Self Kindness is Mindfulness is Action

One of my favorite definitions of mindfulness is “intentionally paying attention with kindness” devised by Shauna Shapiro and her colleagues. Shauna’s youtube clip “What you practice Grows Stronger” gives a wonderful overview of the neuroscience and psychological benefits of mindfulness. It is a model I use when working with people who experience stress, anxiety, depression and complex pain.

The part of mindfulness I want to focus on today is kindness.

What is kindness?

Kindness is simply the quality of being friendly, generous, and considerate. It can be as small as a thoughtful gesture, a smile or subtle letting go of inner stress.. And yet there are times we find this so difficult. Kindness may be planned or spontaneous. We can show kindness to others; our family, friends, community and charitable organization.

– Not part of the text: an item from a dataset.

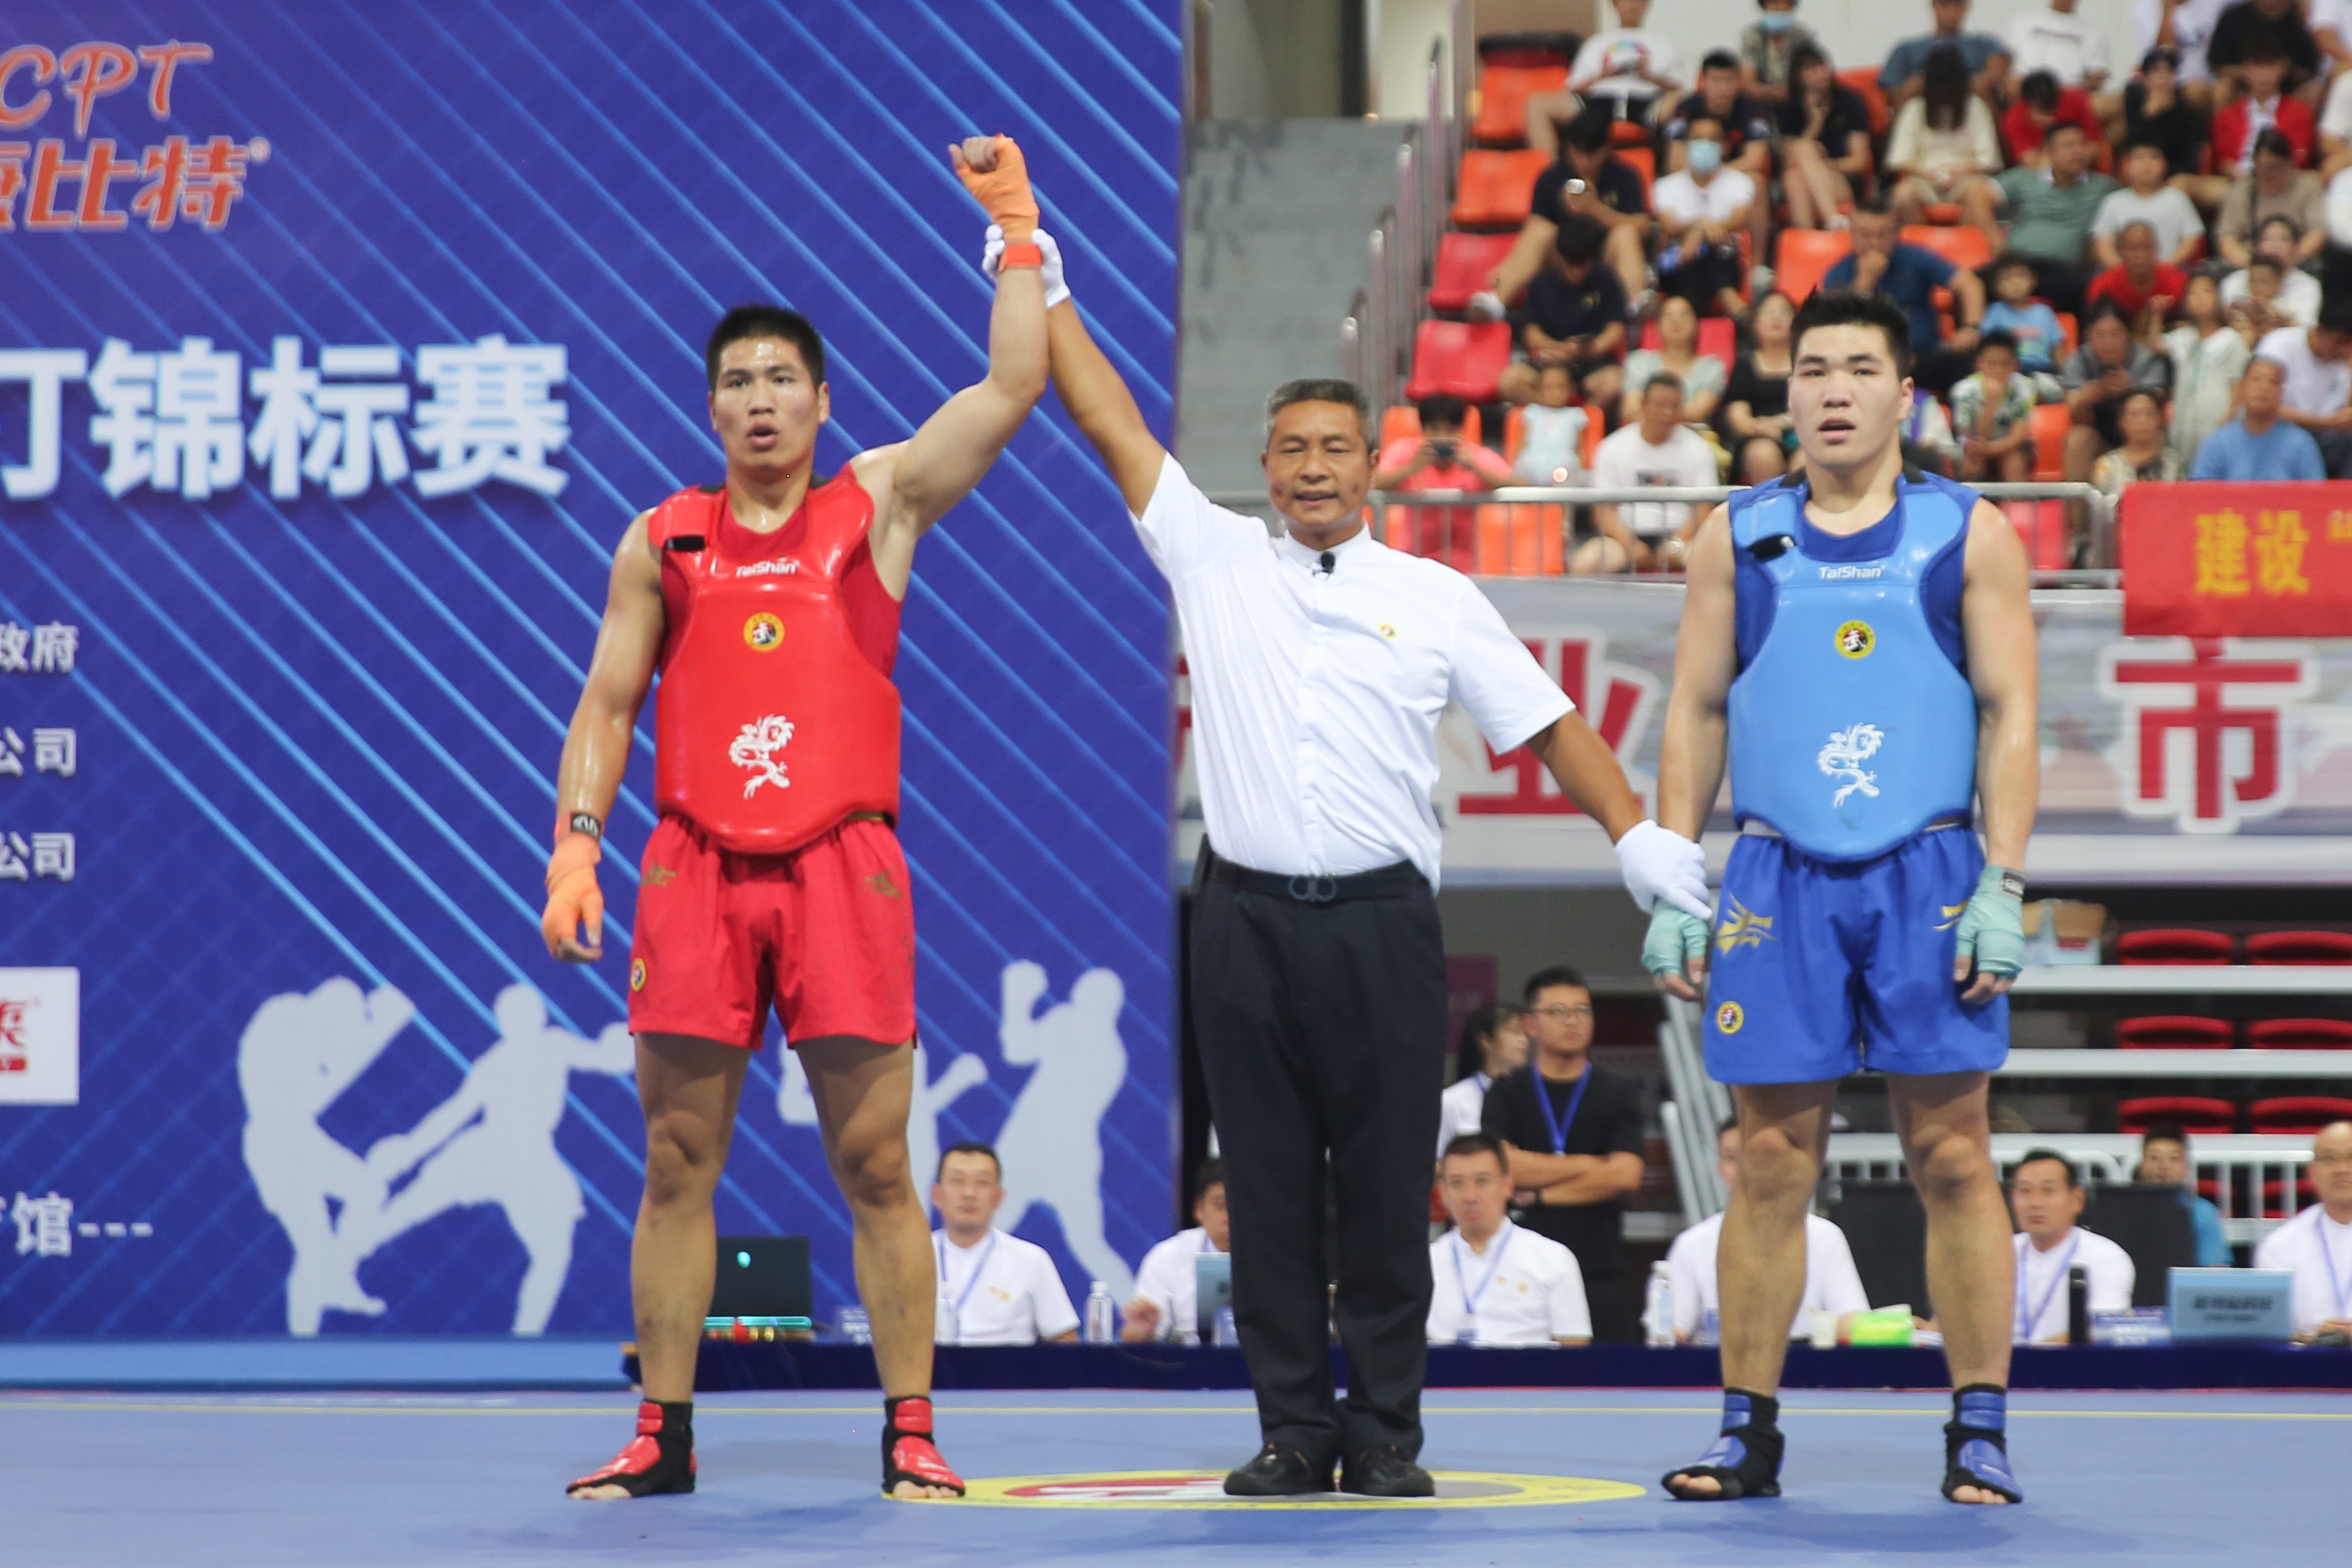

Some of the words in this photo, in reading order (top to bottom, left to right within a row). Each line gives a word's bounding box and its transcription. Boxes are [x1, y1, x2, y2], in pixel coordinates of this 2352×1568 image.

[0, 41, 213, 139] CPT
[1819, 565, 1882, 579] TaiShan
[2115, 637, 2303, 820] 市

We can show kindness to the planet and to ourselves.

In this blog I am most interested in self kindness as this is the wellspring to humanity.

Humanity refers to human beings collectively and is derived from Latin humanitas for “human nature, kindness”. It’s also a word for the qualities that make us human, such as the ability to love and have compassion, be creative, and not be a robot.

Kindness involves using mindfulness in action, while going about your day being attentive and not on auto-pilot.

For me kindness is where creativity, compassion and care unite

What are the benefits of kindness?

“A man practicing kindness in the wilderness is worth all the temples this world pulls”. Jack Kerouac

There are many physical, psychological and spiritual benefits of practicing kindness. Some of these benefits are that kindness:

  • increases oxytocin (the love hormone) which has a knock on effect of lowering blood pressure an improving heart health. Oxytocin also increases our self-esteem and positivity.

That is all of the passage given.